4.6.12

um sintoma de uma doença grave.


Nesta história dos espiões que continuam a ser espiões quando saem das secretas, mantendo-se em comércio carnal com os colegas que ficaram para trás a fazer parcerias público-privadas com o segredo de Estado, estão a descobrir-se muitas carecas. Claro que alguns julgam tapar a calva com uns capachinhos de segunda mão, mas espero que tarde ou cedo uma revoada de vento deixe ao léu o que já se cheira com grande intensidade. E fede.

Entretanto, enquanto esperamos para saber se a blogosfera lava-tudo se impõe como o padrão moral desta maioria ou se um arrepio de decência se impõe a algum primeiro-ministro em exercício que sonhe ainda vir a descobrir-se como homem de Estado, enquanto esperamos para saber isso, algumas coisas foram entretanto ficando claras. Pequenos sintomas de graves doenças. Exemplifico, que para isso peguei agora na pena.

Segundo foi noticiado, o espião estatal que, embalado pela ideologia dominante, veio a decidiu empreender ser espião empresarial - embora, como muitos outros "empreendedores" em sectores menos chocantes, achasse conveniente ser empreendedor à custa dos serviços do Estado - tinha umas ideias acerca da relação desejável entre os serviços secretos e a democracia. E escrevia mensagem curtas a esmo espraiando as suas teorias. Segundo notícias, terá enviado uma mensagem a Relvas a queixar-se de que Teresa Morais, então membro do conselho de fiscalização dos serviços de informações, era uma chata e, em consequência, devia ser removida. Quando Relvas foi a ministro, pouco depois, com a tarefa de mandar em Passos Coelho e em mais meio mundo, Teresa Morais subiu a secretária de Estado. Relvas desmente categoricamente que isso tenha sido uma forma de atender ao pedido do espião metediço - e não tenho nenhum dado que me permita afirmar que, aí, Relvas esteja a mentir. (Um mentiroso nem sempre está a mentir, também precisa do seu descanso.)

Assim sendo, aceitamos a palavra de Relvas e vamos descansados? Nem por sombras: aceitamos a palavra de Relvas e não vamos nada descansados. Explico-me.

Que eu tenha tido oportunidade de ler ou ouvir, Relvas negou que tenha levado Teresa Morais para o governo para a remover da fiscalização das secretas, mas não negou que o espião maravilhoso tenha suscitado a chateza da senhora para a pretensão de a ver removida. Segundo alguns relatos, Relvas até terá discutido as datas daquela diligência do espião e a data do convite da sua secretária de Estado, evidenciando assim que o espião fez tal diligência quando Relvas já estava a instalar-se como guarda-chuva do governo. Ora - e é este o meu ponto -, a queixa de que Teresa Morais era uma chata como fiscalizadora, como tentativa de a afastar, teria despertado a desconfiança de qualquer pessoa bem formada.
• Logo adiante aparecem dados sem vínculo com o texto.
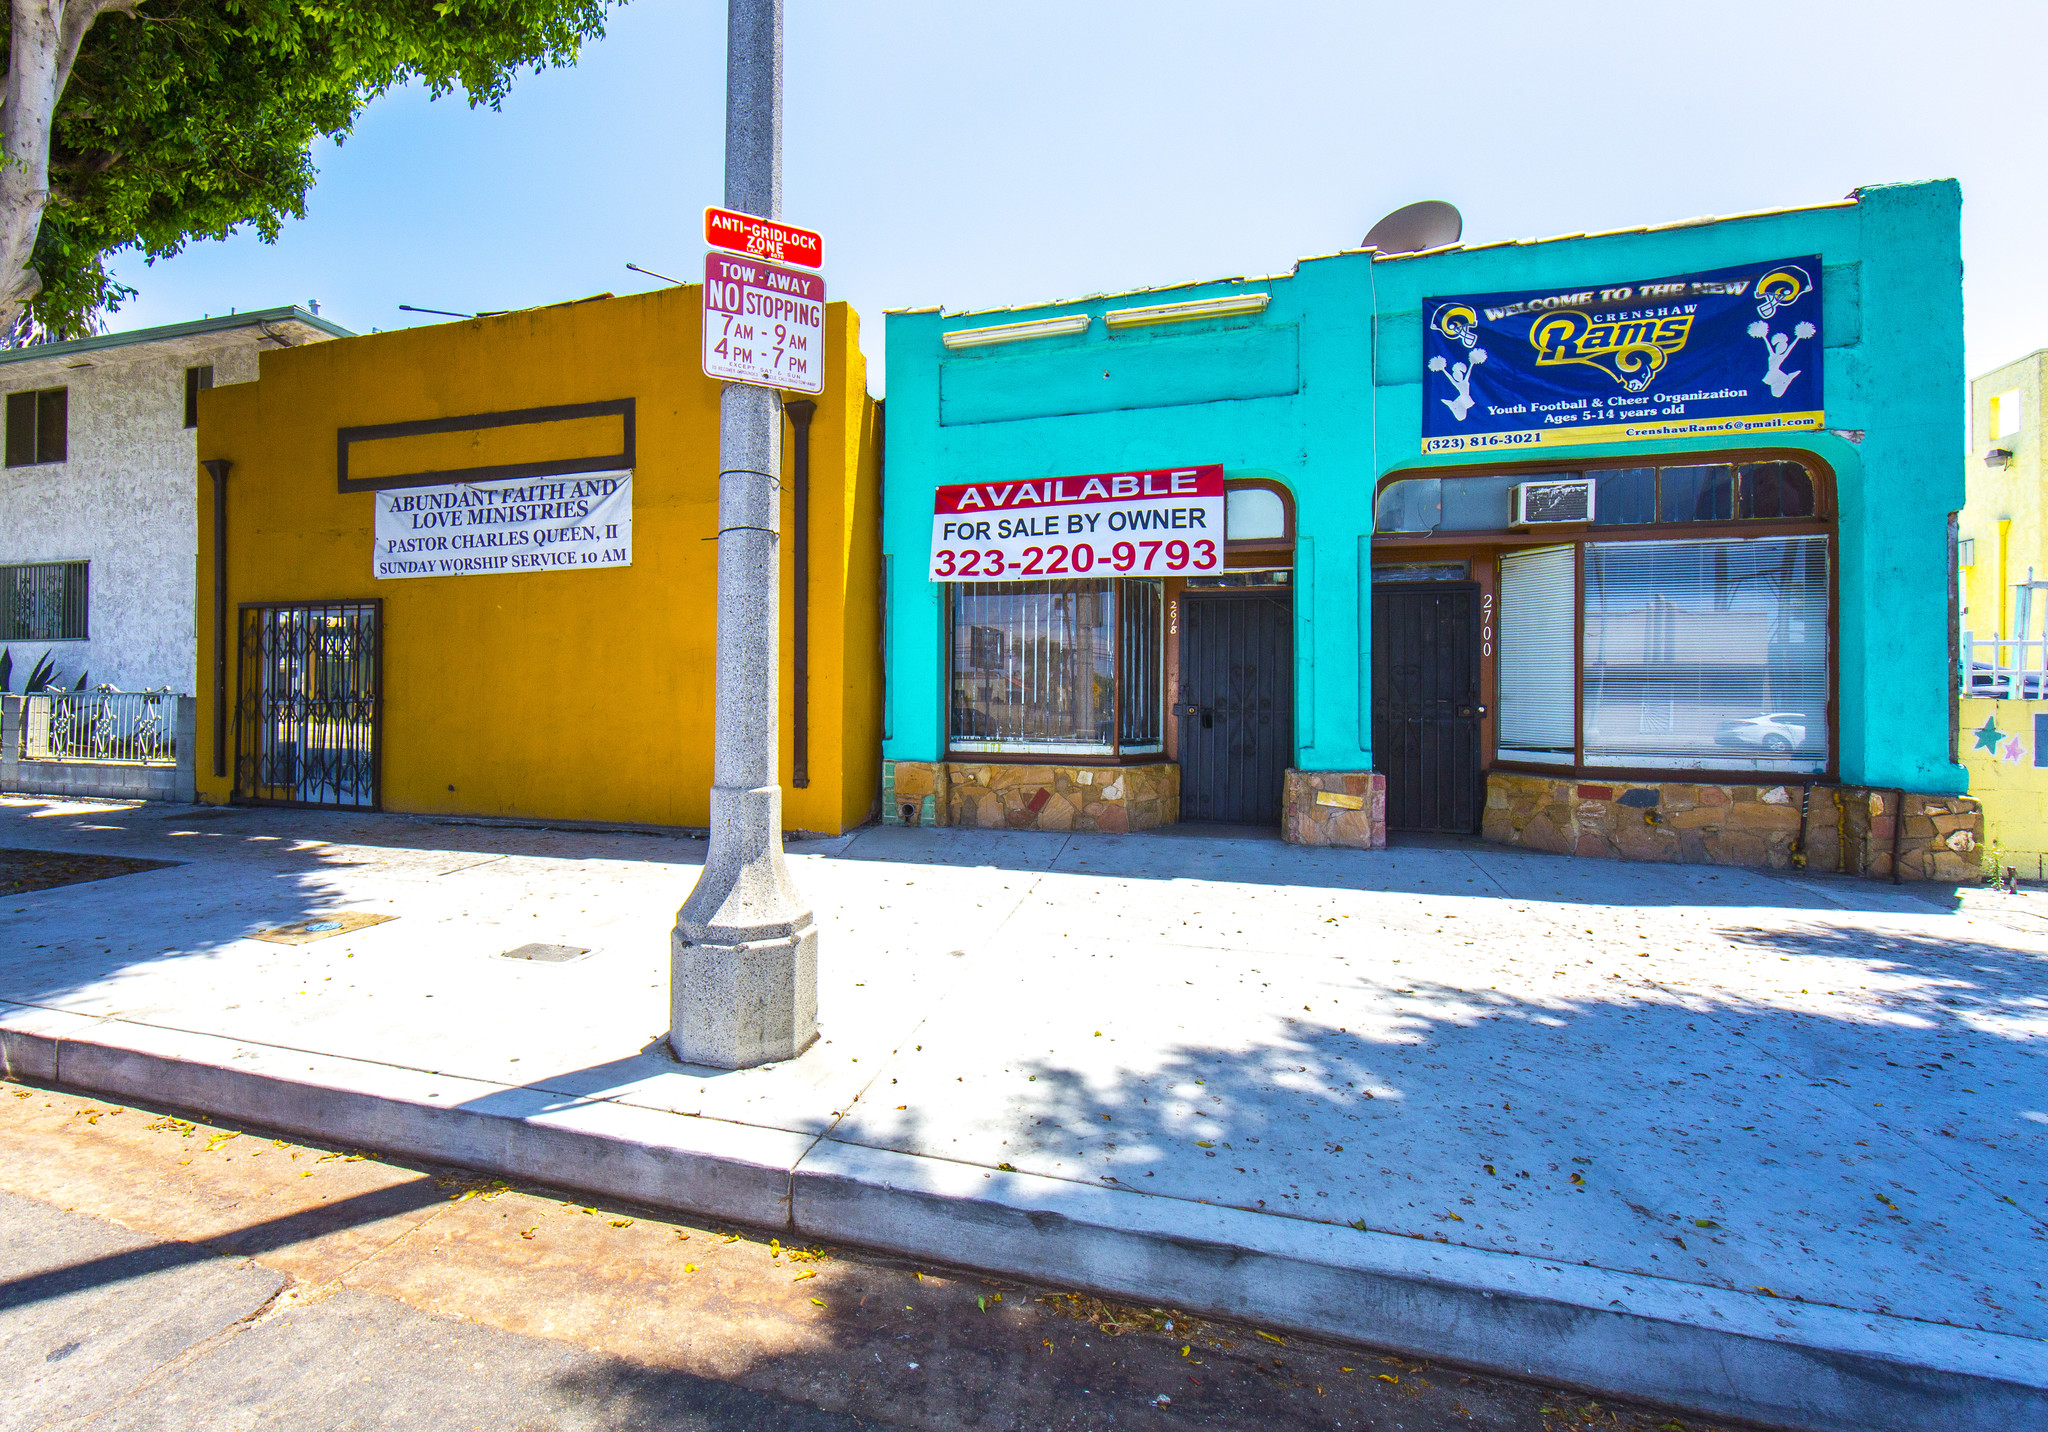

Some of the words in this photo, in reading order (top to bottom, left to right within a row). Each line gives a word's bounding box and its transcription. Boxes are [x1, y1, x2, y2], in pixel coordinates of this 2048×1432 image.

Qualquer pessoa com um módico sentido de Estado perceberia a gravidade de uma tentativa tão clara de afrouxar os mecanismos de fiscalização dos serviços de informação. Isso faria soar todas as campainhas na cabeça de qualquer político democrata. Relvas, face a essa situação, deveria ter logo cheirado o esturro - e, mais, deveria ter ido logo alertar o PM para as situações graves que deveriam ocorrer num serviço que alguém estava a tentar eximir ao controlo democrático. Relvas, pelo contrário, engoliu e seguiu, não fez nada do que devia ter feito. Neste caso, nem é preciso perguntar se fez algo que não devia: basta saber que não denunciou a tentativa de furtar os serviços secretos ao escrutínio dos representantes do soberano.

Não é que Relvas seja a única flor desta estufa onde crescem estes comportamentos anti-institucionais, onde medram estas espertices de furar os controlos democráticos com recurso a palavrinhas pessoais e a amiguismos espúrios. Aliás, Relvas nem se dá conta da gravidade de não ter percebido o sinal. Um sinal tão claro como um tipo telefonar para a esquadra e perguntar faça a fineza senhor guarda diga-me por favor se a ronda hoje passa em tal rua a tal hora que a mim dava-me jeito saber cá por coisas. Relvas não é o único e o grave é que estes fenómenos não são raros fenómenos do Entroncamento e, pelo contrário, parecem bastante espalhados.

Espero que os partidos democráticos, incluindo os partidos da maioria, não tratem assunto tão grave como mais uma refrega mediática em torno de um actor de momento. Espero que percebam que eles começam sempre por levar os outros. Até um dia.